→ EXERCISE REQUIREMENTS
Copy every record that follows, word for word.

━━ DATA ━━

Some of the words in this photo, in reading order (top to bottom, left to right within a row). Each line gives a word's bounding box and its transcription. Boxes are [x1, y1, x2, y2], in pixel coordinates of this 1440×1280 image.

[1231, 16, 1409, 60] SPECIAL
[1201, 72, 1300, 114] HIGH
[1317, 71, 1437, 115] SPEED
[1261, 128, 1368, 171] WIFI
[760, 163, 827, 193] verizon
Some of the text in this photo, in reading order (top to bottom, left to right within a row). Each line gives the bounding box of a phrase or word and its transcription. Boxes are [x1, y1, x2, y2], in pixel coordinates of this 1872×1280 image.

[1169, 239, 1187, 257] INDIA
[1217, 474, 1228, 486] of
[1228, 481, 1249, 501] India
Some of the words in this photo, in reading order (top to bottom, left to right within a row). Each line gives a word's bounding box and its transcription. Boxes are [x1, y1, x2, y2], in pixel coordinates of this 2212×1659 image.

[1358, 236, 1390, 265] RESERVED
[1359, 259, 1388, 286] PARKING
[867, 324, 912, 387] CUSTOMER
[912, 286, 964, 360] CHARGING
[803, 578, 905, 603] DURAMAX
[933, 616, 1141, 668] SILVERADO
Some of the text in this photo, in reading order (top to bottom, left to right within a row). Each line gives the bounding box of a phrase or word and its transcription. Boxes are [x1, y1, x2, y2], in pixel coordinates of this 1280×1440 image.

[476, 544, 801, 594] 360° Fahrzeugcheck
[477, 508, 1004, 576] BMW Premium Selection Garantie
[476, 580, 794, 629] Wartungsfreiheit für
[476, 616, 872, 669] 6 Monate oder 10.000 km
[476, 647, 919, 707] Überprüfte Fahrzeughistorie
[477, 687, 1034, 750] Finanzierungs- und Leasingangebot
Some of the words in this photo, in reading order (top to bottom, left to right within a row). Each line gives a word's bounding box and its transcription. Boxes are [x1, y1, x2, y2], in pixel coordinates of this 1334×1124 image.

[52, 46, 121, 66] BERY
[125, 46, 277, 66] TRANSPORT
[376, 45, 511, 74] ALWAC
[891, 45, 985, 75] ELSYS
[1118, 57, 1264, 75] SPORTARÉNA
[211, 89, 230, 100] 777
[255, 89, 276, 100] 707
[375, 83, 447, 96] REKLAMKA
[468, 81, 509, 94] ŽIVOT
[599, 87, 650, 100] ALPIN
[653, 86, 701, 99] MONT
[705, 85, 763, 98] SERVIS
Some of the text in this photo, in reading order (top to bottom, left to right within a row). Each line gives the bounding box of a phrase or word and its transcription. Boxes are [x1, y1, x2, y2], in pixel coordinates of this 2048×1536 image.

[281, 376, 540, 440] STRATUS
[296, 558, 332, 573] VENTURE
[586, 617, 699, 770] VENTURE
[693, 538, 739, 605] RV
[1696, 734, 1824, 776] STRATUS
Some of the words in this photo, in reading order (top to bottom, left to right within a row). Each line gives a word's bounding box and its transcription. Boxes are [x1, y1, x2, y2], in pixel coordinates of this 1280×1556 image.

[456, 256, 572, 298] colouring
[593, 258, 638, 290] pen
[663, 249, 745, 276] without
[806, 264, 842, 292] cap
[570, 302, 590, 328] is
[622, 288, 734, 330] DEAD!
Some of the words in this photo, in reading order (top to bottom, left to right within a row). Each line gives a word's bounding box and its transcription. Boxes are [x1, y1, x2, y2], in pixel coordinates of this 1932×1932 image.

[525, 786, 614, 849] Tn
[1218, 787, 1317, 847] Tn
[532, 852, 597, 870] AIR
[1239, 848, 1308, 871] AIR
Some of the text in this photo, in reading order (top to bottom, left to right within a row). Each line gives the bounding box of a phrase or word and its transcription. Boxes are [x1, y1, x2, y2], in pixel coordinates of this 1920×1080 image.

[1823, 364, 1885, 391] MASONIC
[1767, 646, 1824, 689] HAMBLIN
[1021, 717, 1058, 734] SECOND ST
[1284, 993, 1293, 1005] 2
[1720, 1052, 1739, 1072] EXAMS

━━━

→ WRITTEN SOLUTION
Some of the words in this photo, in reading order (top to bottom, left to right within a row). Each line gives a word's bounding box and its transcription. Boxes are [x1, y1, x2, y2], in pixel coordinates of this 1440×1280 image.

[1231, 16, 1409, 60] SPECIAL
[1201, 72, 1300, 114] HIGH
[1317, 71, 1437, 115] SPEED
[1261, 128, 1368, 171] WIFI
[760, 163, 827, 193] verizon
Some of the text in this photo, in reading order (top to bottom, left to right within a row). Each line gives the bounding box of a phrase or word and its transcription. Boxes are [x1, y1, x2, y2], in pixel coordinates of this 1872×1280 image.

[1169, 239, 1187, 257] INDIA
[1217, 474, 1228, 486] of
[1228, 481, 1249, 501] India
Some of the words in this photo, in reading order (top to bottom, left to right within a row). Each line gives a word's bounding box and its transcription. Boxes are [x1, y1, x2, y2], in pixel coordinates of this 2212×1659 image.

[1358, 236, 1390, 265] RESERVED
[1359, 259, 1388, 286] PARKING
[867, 324, 912, 387] CUSTOMER
[912, 286, 964, 360] CHARGING
[803, 578, 905, 603] DURAMAX
[933, 616, 1141, 668] SILVERADO
Some of the text in this photo, in reading order (top to bottom, left to right within a row). Each line gives the bounding box of a phrase or word and its transcription. Boxes are [x1, y1, x2, y2], in pixel coordinates of this 1280×1440 image.

[476, 544, 801, 594] 360° Fahrzeugcheck
[477, 508, 1004, 576] BMW Premium Selection Garantie
[476, 580, 794, 629] Wartungsfreiheit für
[476, 616, 872, 669] 6 Monate oder 10.000 km
[476, 647, 919, 707] Überprüfte Fahrzeughistorie
[477, 687, 1034, 750] Finanzierungs- und Leasingangebot
Some of the words in this photo, in reading order (top to bottom, left to right within a row). Each line gives a word's bounding box and its transcription. Boxes are [x1, y1, x2, y2], in pixel coordinates of this 1334×1124 image.

[52, 46, 121, 66] BERY
[125, 46, 277, 66] TRANSPORT
[376, 45, 511, 74] ALWAC
[891, 45, 985, 75] ELSYS
[1118, 57, 1264, 75] SPORTARÉNA
[211, 89, 230, 100] 777
[255, 89, 276, 100] 707
[375, 83, 447, 96] REKLAMKA
[468, 81, 509, 94] ŽIVOT
[599, 87, 650, 100] ALPIN
[653, 86, 701, 99] MONT
[705, 85, 763, 98] SERVIS
Some of the text in this photo, in reading order (top to bottom, left to right within a row). Each line gives the bounding box of a phrase or word and its transcription. Boxes are [x1, y1, x2, y2], in pixel coordinates of this 2048×1536 image.

[281, 376, 540, 440] STRATUS
[296, 558, 332, 573] VENTURE
[586, 617, 699, 770] VENTURE
[693, 538, 739, 605] RV
[1696, 734, 1824, 776] STRATUS
Some of the words in this photo, in reading order (top to bottom, left to right within a row). Each line gives a word's bounding box and its transcription. Boxes are [x1, y1, x2, y2], in pixel coordinates of this 1280×1556 image.

[456, 256, 572, 298] colouring
[593, 258, 638, 290] pen
[663, 249, 745, 276] without
[806, 264, 842, 292] cap
[570, 302, 590, 328] is
[622, 288, 734, 330] DEAD!
Some of the words in this photo, in reading order (top to bottom, left to right within a row). Each line gives a word's bounding box and its transcription. Boxes are [x1, y1, x2, y2], in pixel coordinates of this 1932×1932 image.

[525, 786, 614, 849] Tn
[1218, 787, 1317, 847] Tn
[532, 852, 597, 870] AIR
[1239, 848, 1308, 871] AIR
Some of the text in this photo, in reading order (top to bottom, left to right within a row). Each line gives the bounding box of a phrase or word and its transcription. Boxes are [x1, y1, x2, y2], in pixel coordinates of this 1920×1080 image.

[1823, 364, 1885, 391] MASONIC
[1767, 646, 1824, 689] HAMBLIN
[1021, 717, 1058, 734] SECOND ST
[1284, 993, 1293, 1005] 2
[1720, 1052, 1739, 1072] EXAMS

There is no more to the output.